WHAT IS EXPECTED – Reproduce every line of the data, exactly and without its pictures.

EXTRACTED DATA –

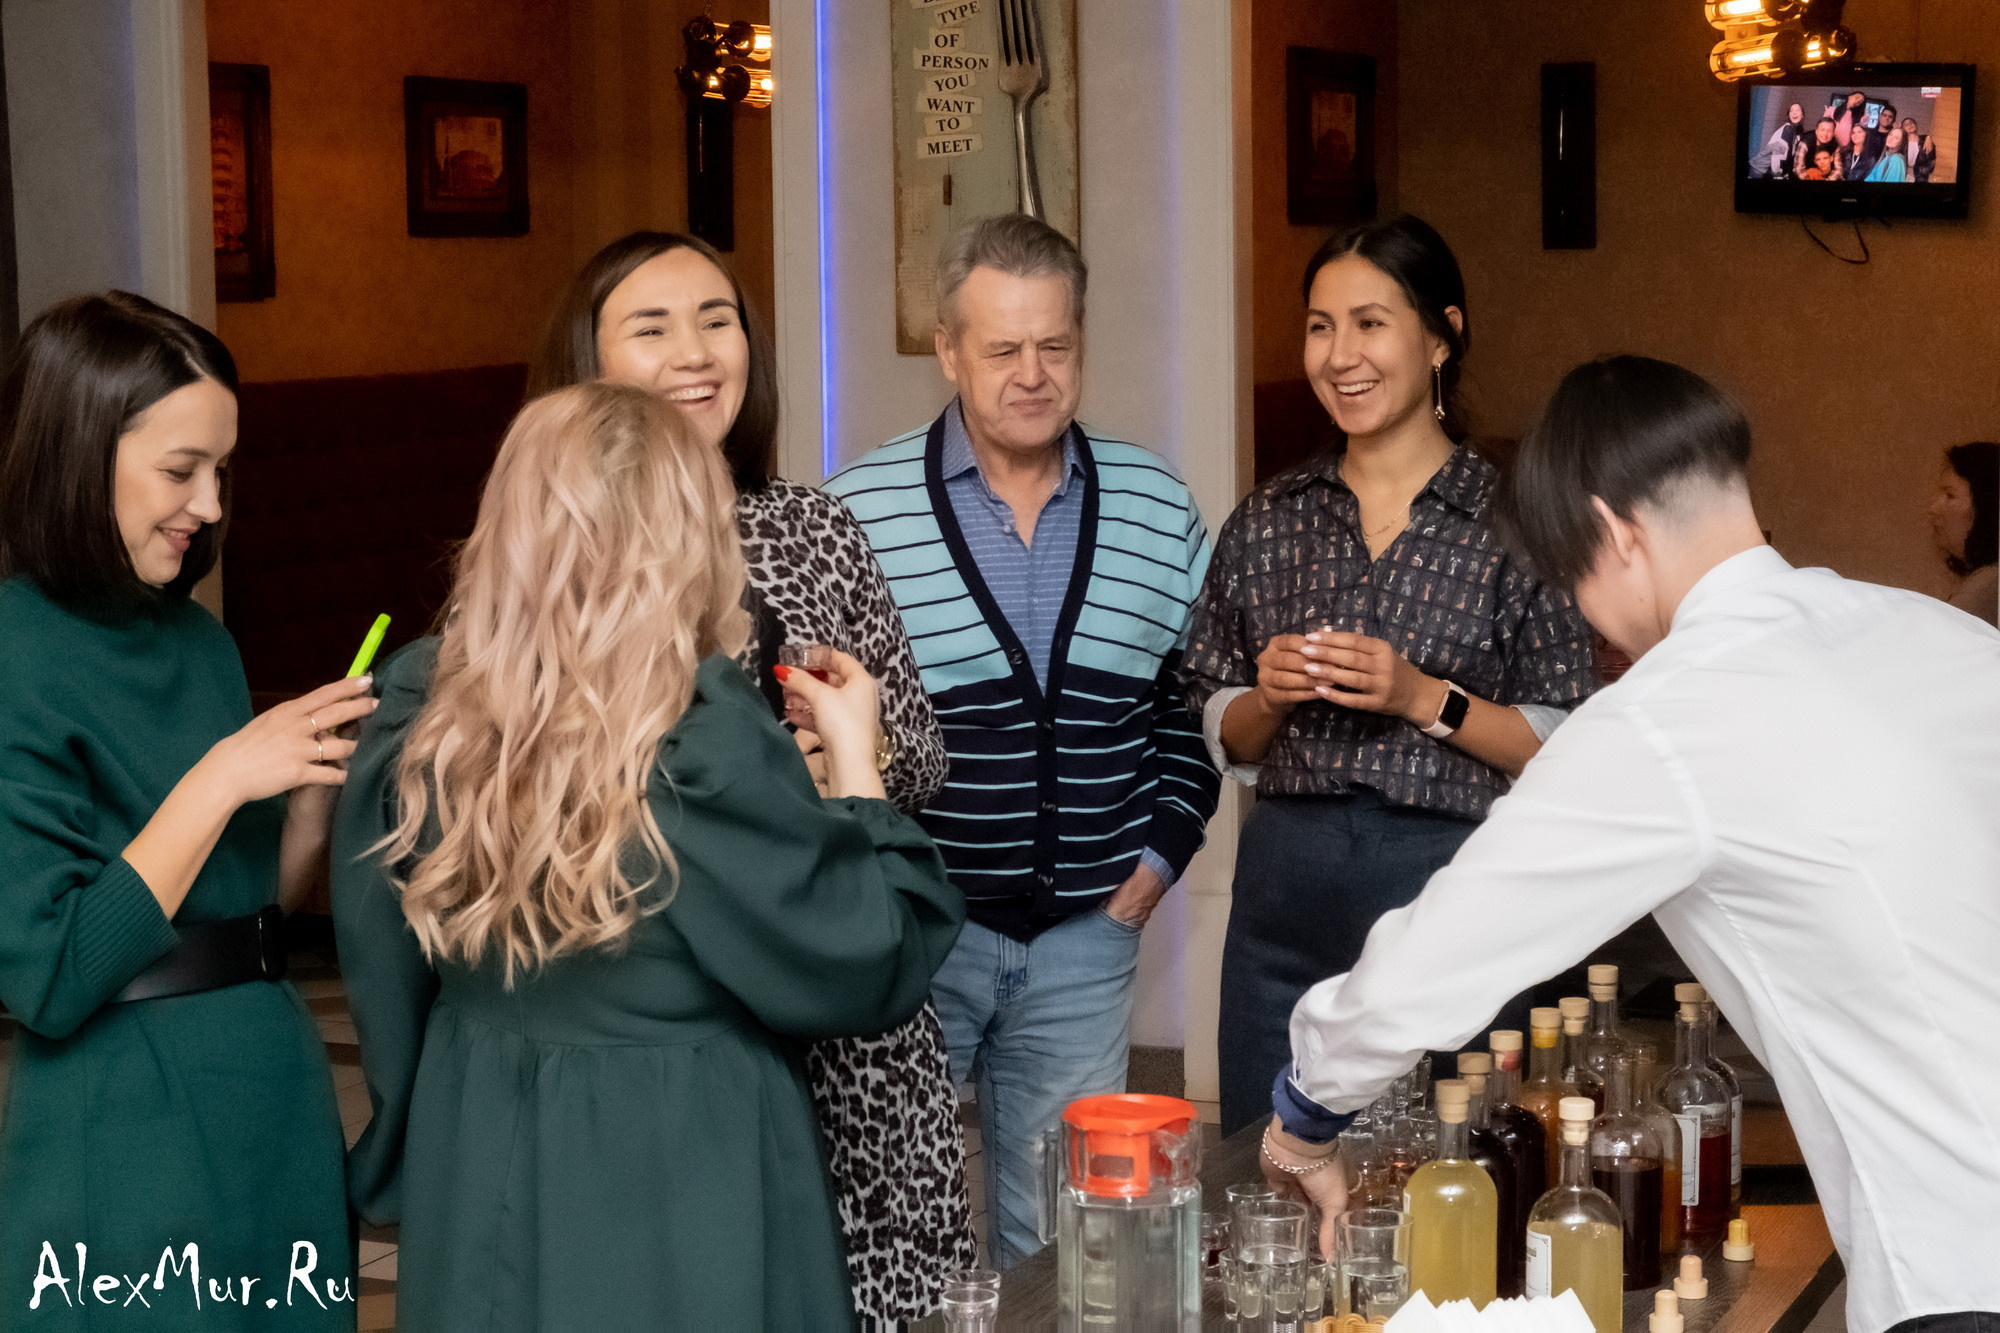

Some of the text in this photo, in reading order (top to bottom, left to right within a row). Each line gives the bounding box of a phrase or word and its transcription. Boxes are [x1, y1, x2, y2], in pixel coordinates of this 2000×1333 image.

[938, 1, 980, 24] TYPE
[934, 33, 960, 48] OF
[921, 54, 989, 70] PERSON
[934, 74, 970, 92] YOU
[926, 98, 975, 114] WANT
[936, 117, 960, 132] TO
[927, 138, 973, 155] MEET

ANSWER SECTION –
Some of the text in this photo, in reading order (top to bottom, left to right within a row). Each line gives the bounding box of a phrase or word and its transcription. Boxes are [x1, y1, x2, y2], in pixel coordinates of this 2000×1333 image.

[938, 1, 980, 24] TYPE
[934, 33, 960, 48] OF
[921, 54, 989, 70] PERSON
[934, 74, 970, 92] YOU
[926, 98, 975, 114] WANT
[936, 117, 960, 132] TO
[927, 138, 973, 155] MEET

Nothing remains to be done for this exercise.